*Task statement*. Keep images out and repeat all data exactly.
--- Data provided Enclosed Below ---
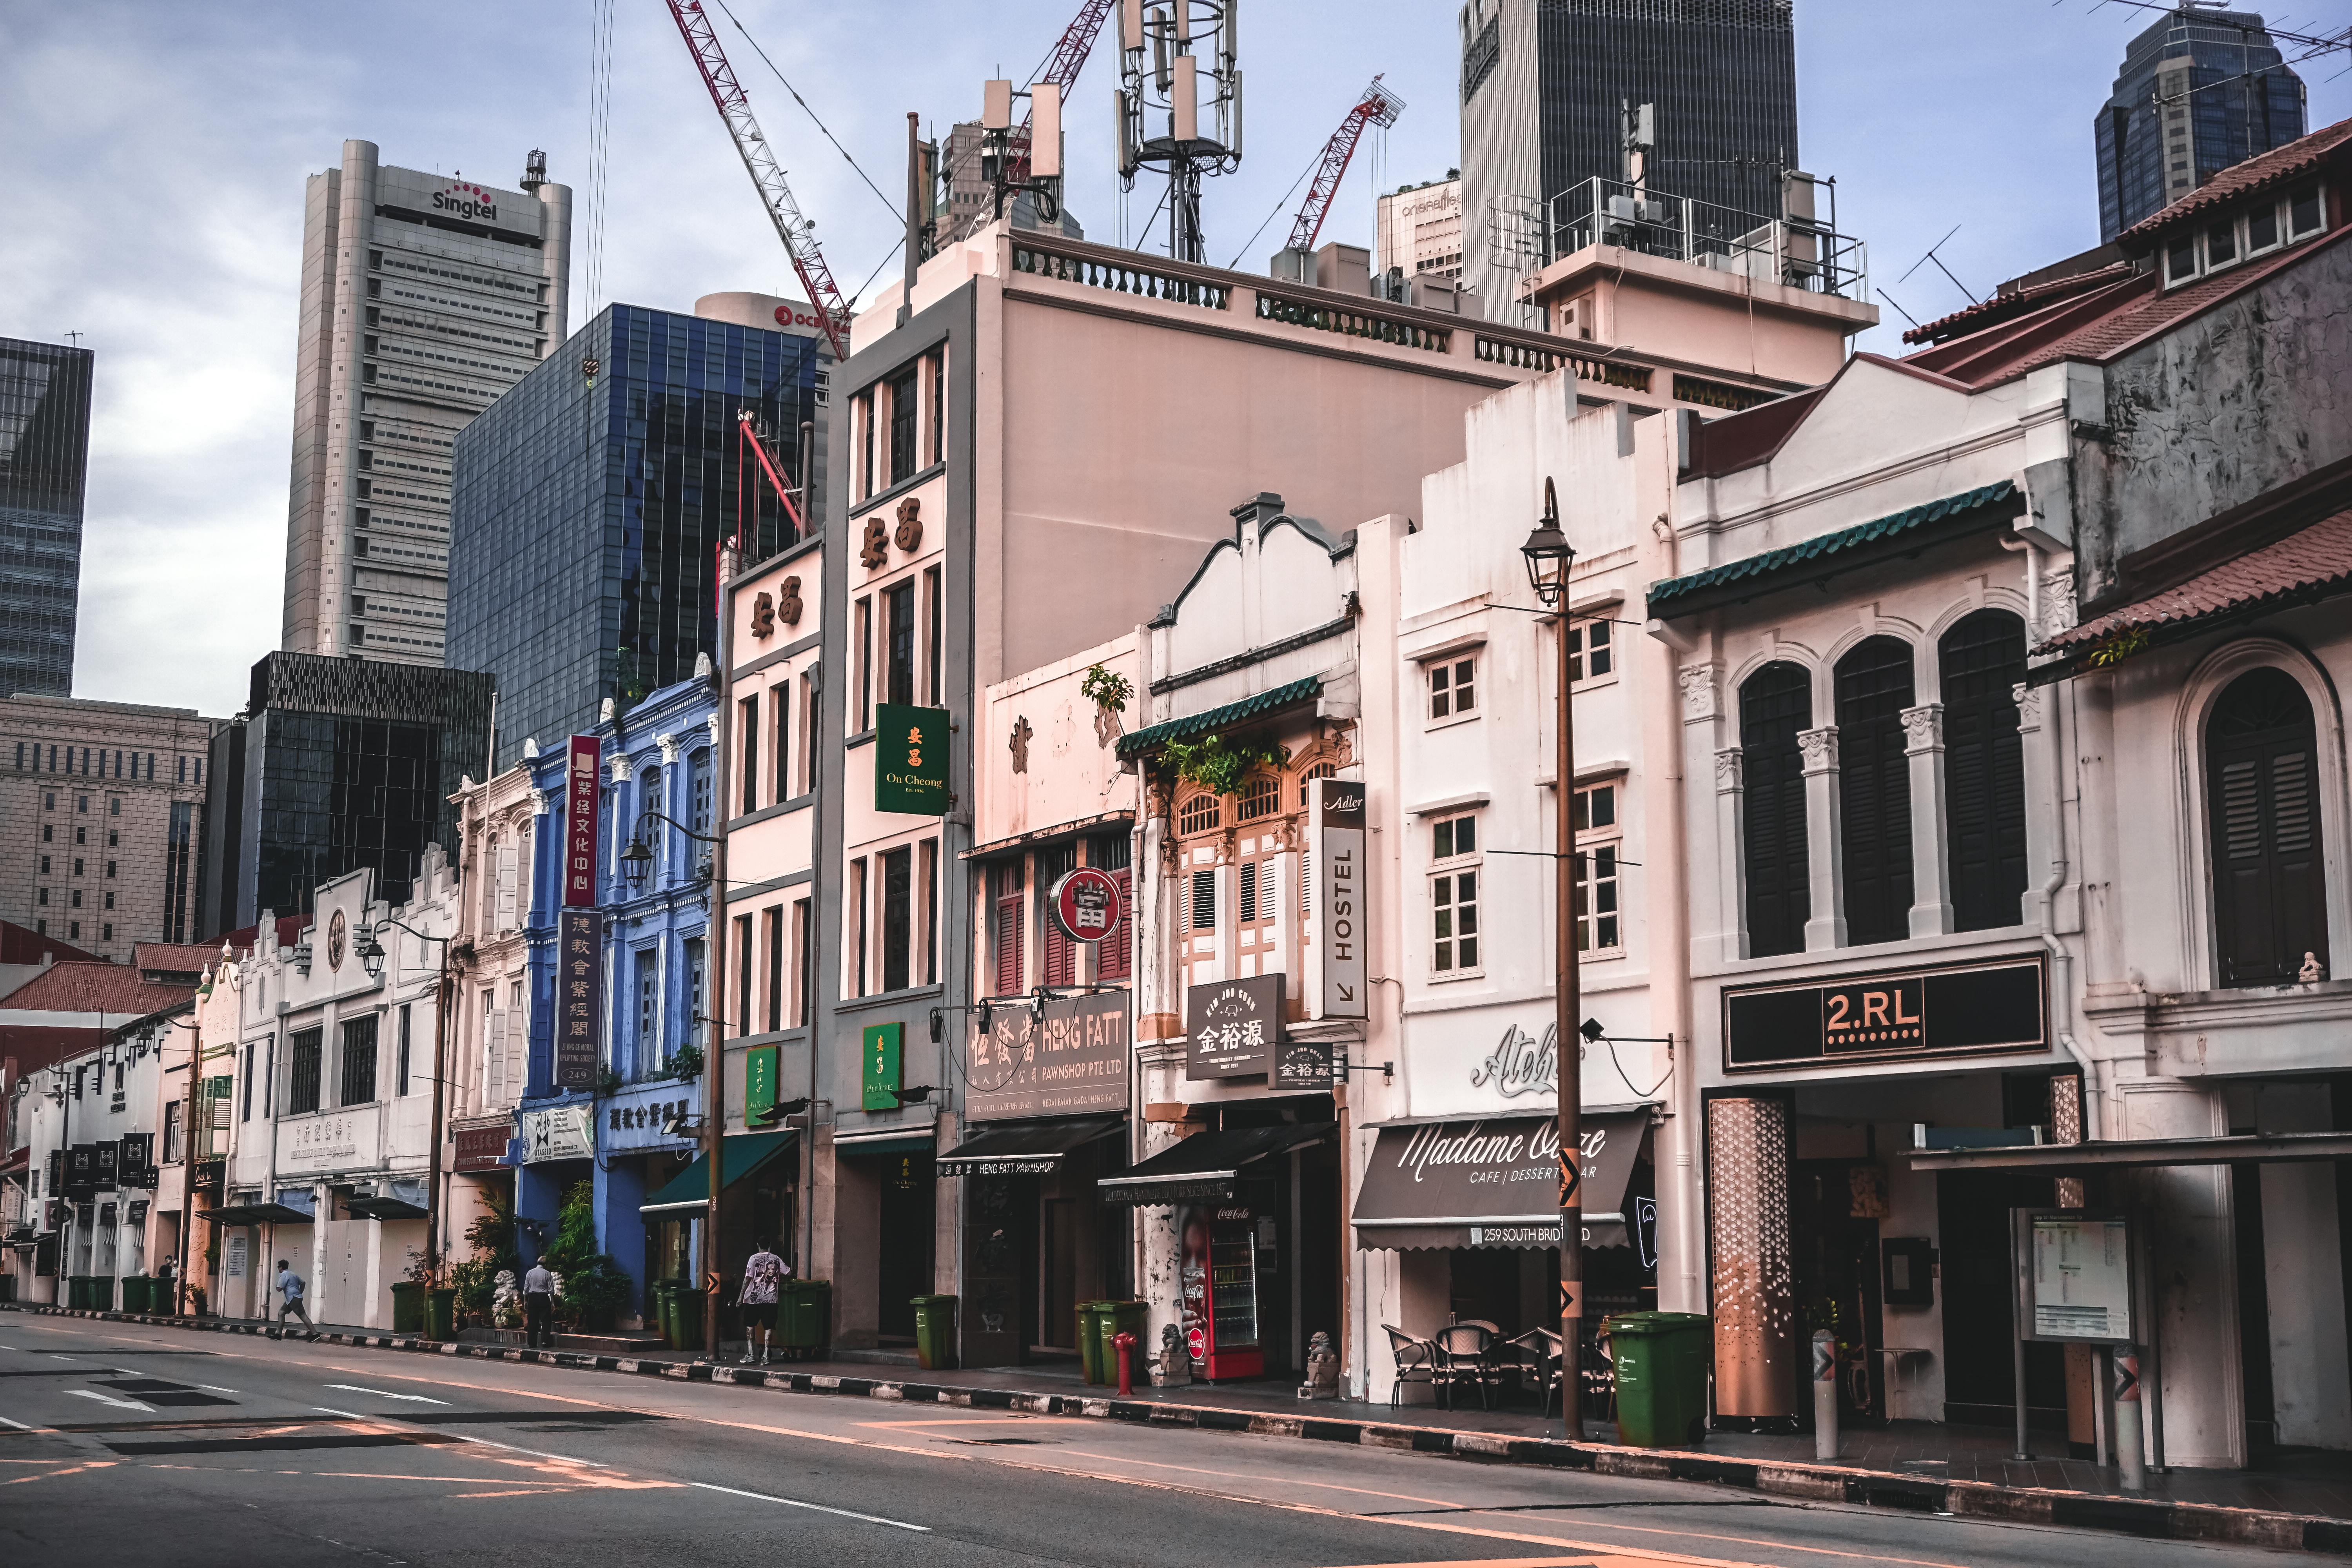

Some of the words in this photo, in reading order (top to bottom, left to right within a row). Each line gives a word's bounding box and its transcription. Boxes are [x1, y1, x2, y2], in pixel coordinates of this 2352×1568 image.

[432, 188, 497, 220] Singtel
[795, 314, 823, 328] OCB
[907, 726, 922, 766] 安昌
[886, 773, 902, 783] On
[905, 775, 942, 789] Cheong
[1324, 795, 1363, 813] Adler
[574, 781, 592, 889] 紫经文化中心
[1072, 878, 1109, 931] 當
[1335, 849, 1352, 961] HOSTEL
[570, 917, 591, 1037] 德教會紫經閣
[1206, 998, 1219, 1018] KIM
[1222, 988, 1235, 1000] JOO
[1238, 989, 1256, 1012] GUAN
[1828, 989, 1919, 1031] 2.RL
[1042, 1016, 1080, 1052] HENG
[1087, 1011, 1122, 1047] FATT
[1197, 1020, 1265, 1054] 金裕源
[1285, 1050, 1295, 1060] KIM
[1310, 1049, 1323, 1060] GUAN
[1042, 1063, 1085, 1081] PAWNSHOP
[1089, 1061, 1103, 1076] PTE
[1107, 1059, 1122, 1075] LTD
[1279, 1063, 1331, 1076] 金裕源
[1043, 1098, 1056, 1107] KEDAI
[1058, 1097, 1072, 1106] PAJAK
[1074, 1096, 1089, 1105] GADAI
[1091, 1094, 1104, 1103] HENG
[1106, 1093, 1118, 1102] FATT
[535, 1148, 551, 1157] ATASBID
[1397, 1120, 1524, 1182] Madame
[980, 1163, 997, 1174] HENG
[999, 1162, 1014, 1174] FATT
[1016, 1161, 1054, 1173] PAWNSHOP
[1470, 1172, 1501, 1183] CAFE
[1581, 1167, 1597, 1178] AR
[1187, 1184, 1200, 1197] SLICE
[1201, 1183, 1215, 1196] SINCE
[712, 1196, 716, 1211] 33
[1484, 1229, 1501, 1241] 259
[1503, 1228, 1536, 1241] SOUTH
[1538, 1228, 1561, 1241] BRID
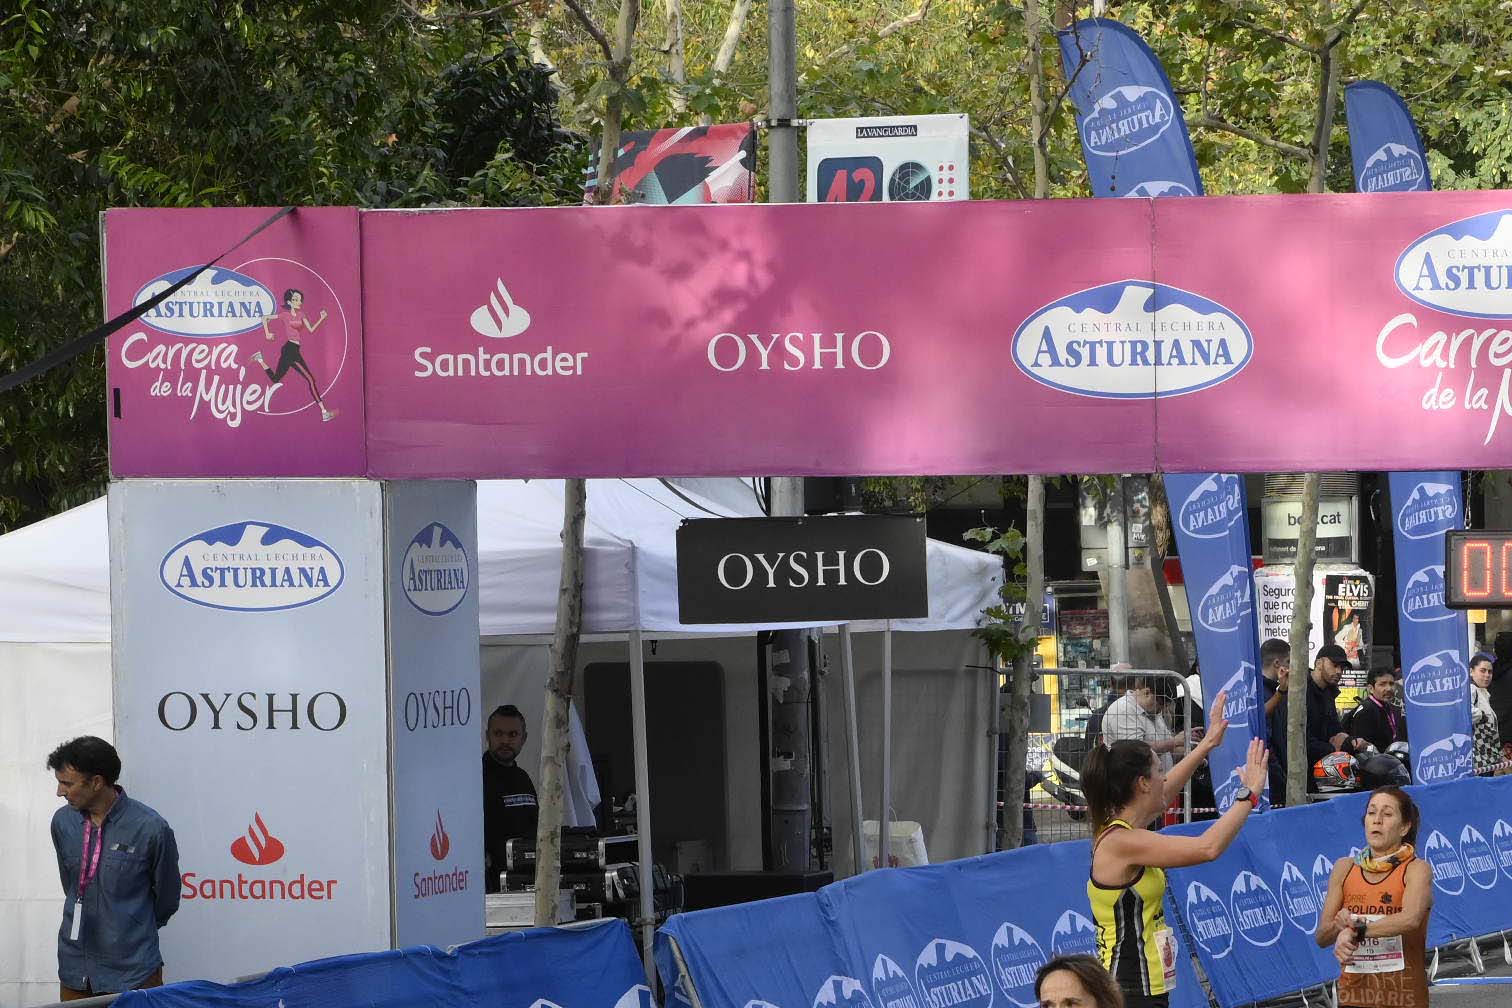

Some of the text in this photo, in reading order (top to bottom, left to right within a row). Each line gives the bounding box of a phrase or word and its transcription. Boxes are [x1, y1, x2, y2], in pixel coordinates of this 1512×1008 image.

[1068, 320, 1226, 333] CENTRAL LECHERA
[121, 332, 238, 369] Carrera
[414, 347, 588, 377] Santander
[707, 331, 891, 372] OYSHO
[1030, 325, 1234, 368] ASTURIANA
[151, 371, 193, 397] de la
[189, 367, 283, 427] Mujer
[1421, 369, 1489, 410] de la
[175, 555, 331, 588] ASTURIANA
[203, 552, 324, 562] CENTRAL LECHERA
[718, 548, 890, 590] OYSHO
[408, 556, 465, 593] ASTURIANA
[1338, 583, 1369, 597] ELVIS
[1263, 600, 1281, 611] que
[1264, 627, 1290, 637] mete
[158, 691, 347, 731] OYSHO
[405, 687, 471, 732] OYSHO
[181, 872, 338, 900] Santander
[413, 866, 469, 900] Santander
--- End of Enclosed Data provided ---
*Response*.
Some of the words in this photo, in reading order (top to bottom, left to right within a row). Each line gives a word's bounding box and its transcription. Boxes are [x1, y1, x2, y2], in pixel coordinates of this 2352×1568 image.

[432, 188, 497, 220] Singtel
[795, 314, 823, 328] OCB
[907, 726, 922, 766] 安昌
[886, 773, 902, 783] On
[905, 775, 942, 789] Cheong
[1324, 795, 1363, 813] Adler
[574, 781, 592, 889] 紫经文化中心
[1072, 878, 1109, 931] 當
[1335, 849, 1352, 961] HOSTEL
[570, 917, 591, 1037] 德教會紫經閣
[1206, 998, 1219, 1018] KIM
[1222, 988, 1235, 1000] JOO
[1238, 989, 1256, 1012] GUAN
[1828, 989, 1919, 1031] 2.RL
[1042, 1016, 1080, 1052] HENG
[1087, 1011, 1122, 1047] FATT
[1197, 1020, 1265, 1054] 金裕源
[1285, 1050, 1295, 1060] KIM
[1310, 1049, 1323, 1060] GUAN
[1042, 1063, 1085, 1081] PAWNSHOP
[1089, 1061, 1103, 1076] PTE
[1107, 1059, 1122, 1075] LTD
[1279, 1063, 1331, 1076] 金裕源
[1043, 1098, 1056, 1107] KEDAI
[1058, 1097, 1072, 1106] PAJAK
[1074, 1096, 1089, 1105] GADAI
[1091, 1094, 1104, 1103] HENG
[1106, 1093, 1118, 1102] FATT
[535, 1148, 551, 1157] ATASBID
[1397, 1120, 1524, 1182] Madame
[980, 1163, 997, 1174] HENG
[999, 1162, 1014, 1174] FATT
[1016, 1161, 1054, 1173] PAWNSHOP
[1470, 1172, 1501, 1183] CAFE
[1581, 1167, 1597, 1178] AR
[1187, 1184, 1200, 1197] SLICE
[1201, 1183, 1215, 1196] SINCE
[712, 1196, 716, 1211] 33
[1484, 1229, 1501, 1241] 259
[1503, 1228, 1536, 1241] SOUTH
[1538, 1228, 1561, 1241] BRID

Some of the text in this photo, in reading order (top to bottom, left to right within a row). Each line gives the bounding box of a phrase or word and its transcription. Boxes are [x1, y1, x2, y2], in pixel coordinates of this 1512×1008 image.

[1068, 320, 1226, 333] CENTRAL LECHERA
[121, 332, 238, 369] Carrera
[414, 347, 588, 377] Santander
[707, 331, 891, 372] OYSHO
[1030, 325, 1234, 368] ASTURIANA
[151, 371, 193, 397] de la
[189, 367, 283, 427] Mujer
[1421, 369, 1489, 410] de la
[175, 555, 331, 588] ASTURIANA
[203, 552, 324, 562] CENTRAL LECHERA
[718, 548, 890, 590] OYSHO
[408, 556, 465, 593] ASTURIANA
[1338, 583, 1369, 597] ELVIS
[1263, 600, 1281, 611] que
[1264, 627, 1290, 637] mete
[158, 691, 347, 731] OYSHO
[405, 687, 471, 732] OYSHO
[181, 872, 338, 900] Santander
[413, 866, 469, 900] Santander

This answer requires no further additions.